Supplied material -

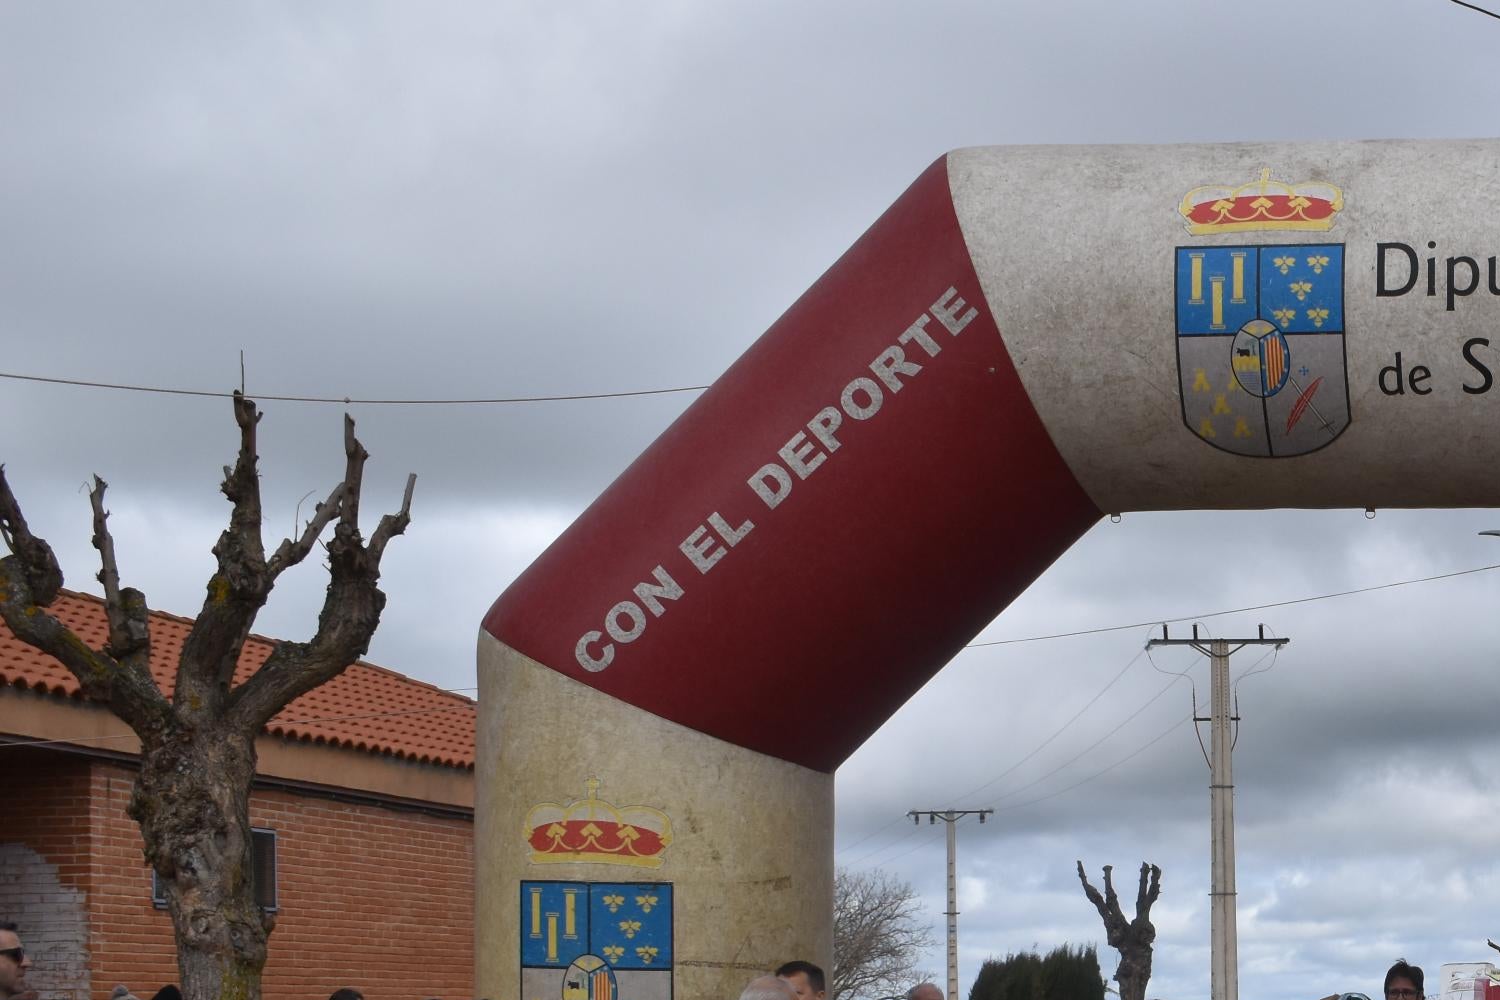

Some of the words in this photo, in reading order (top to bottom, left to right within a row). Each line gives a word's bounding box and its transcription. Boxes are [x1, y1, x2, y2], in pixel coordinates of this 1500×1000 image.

[575, 565, 685, 673] CON
[678, 511, 756, 575] EL
[747, 286, 979, 510] DEPORTE
[1378, 352, 1433, 396] de
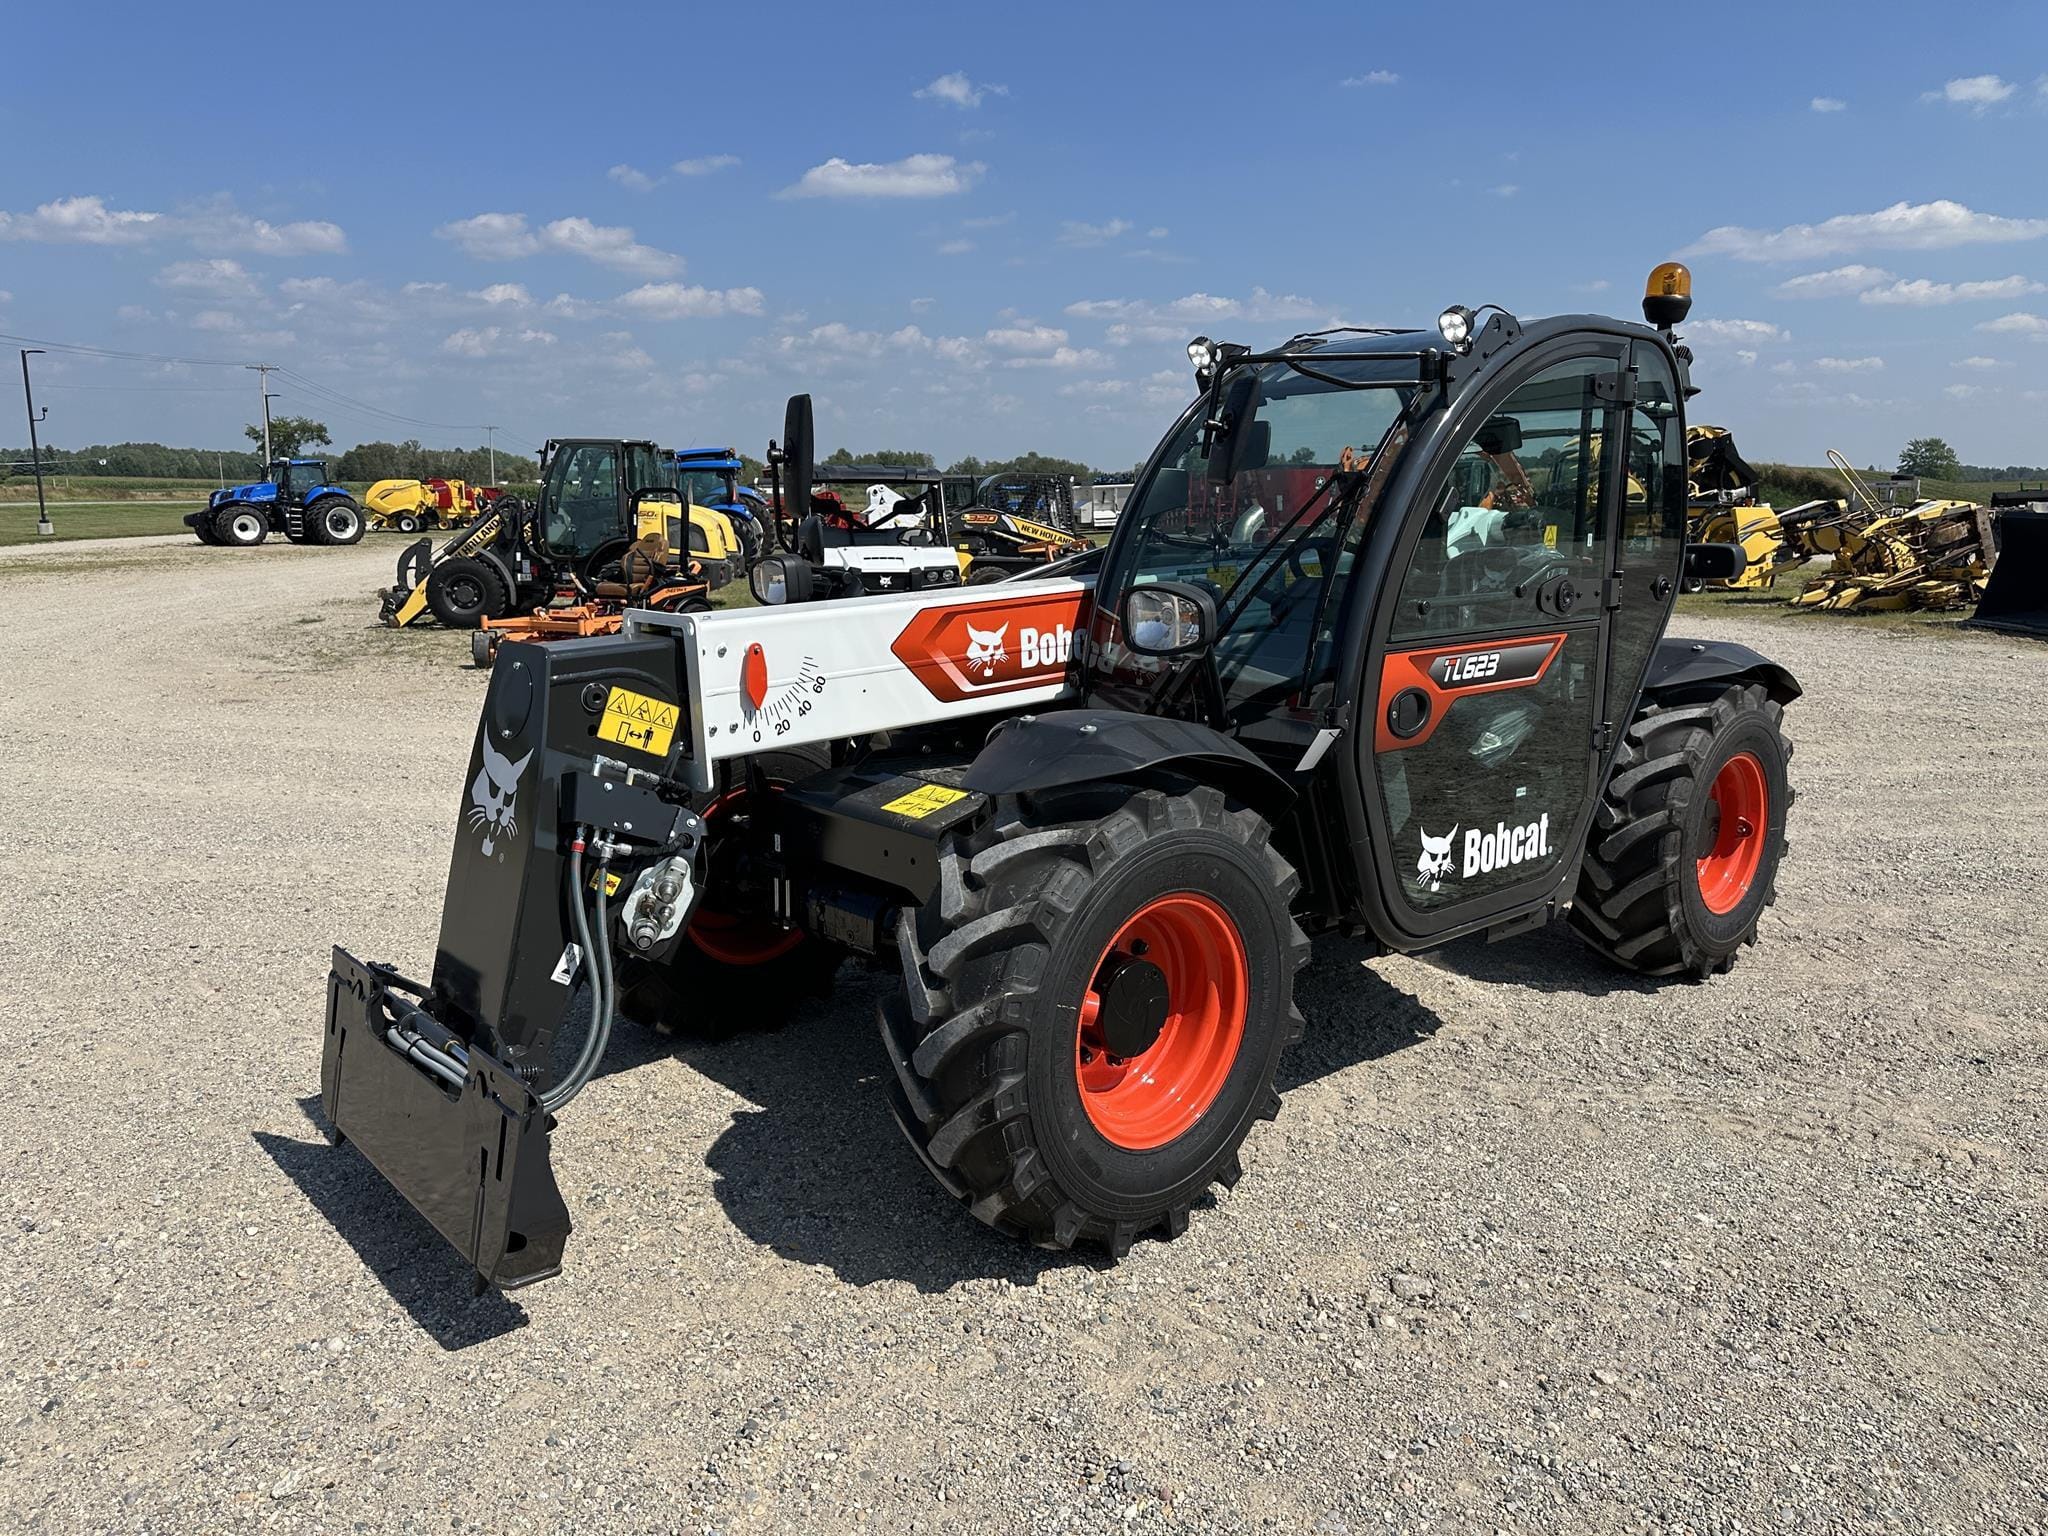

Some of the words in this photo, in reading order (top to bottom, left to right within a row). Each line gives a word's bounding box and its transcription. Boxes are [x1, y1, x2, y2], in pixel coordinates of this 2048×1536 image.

[1021, 524, 1041, 537] NEW
[1020, 624, 1087, 669] Bobc
[1444, 653, 1500, 682] TL623
[753, 730, 761, 743] 0
[775, 719, 790, 736] 20
[798, 700, 812, 717] 40
[813, 676, 826, 694] 60
[1463, 813, 1549, 879] Bobcat

Activity -
Everything in the material except the pictures should be output verbatim.

Task answer -
Some of the words in this photo, in reading order (top to bottom, left to right within a row). Each line gives a word's bounding box and its transcription. Boxes are [x1, y1, x2, y2], in pixel coordinates of this 1500×1000 image.

[575, 565, 685, 673] CON
[678, 511, 756, 575] EL
[747, 286, 979, 510] DEPORTE
[1378, 352, 1433, 396] de

Some of the words in this photo, in reading order (top to bottom, left to right within a row). Each line gives a word's bounding box and its transcription. Boxes are [x1, y1, x2, y2], in pixel coordinates of this 2048×1536 image.

[1021, 524, 1041, 537] NEW
[1020, 624, 1087, 669] Bobc
[1444, 653, 1500, 682] TL623
[753, 730, 761, 743] 0
[775, 719, 790, 736] 20
[798, 700, 812, 717] 40
[813, 676, 826, 694] 60
[1463, 813, 1549, 879] Bobcat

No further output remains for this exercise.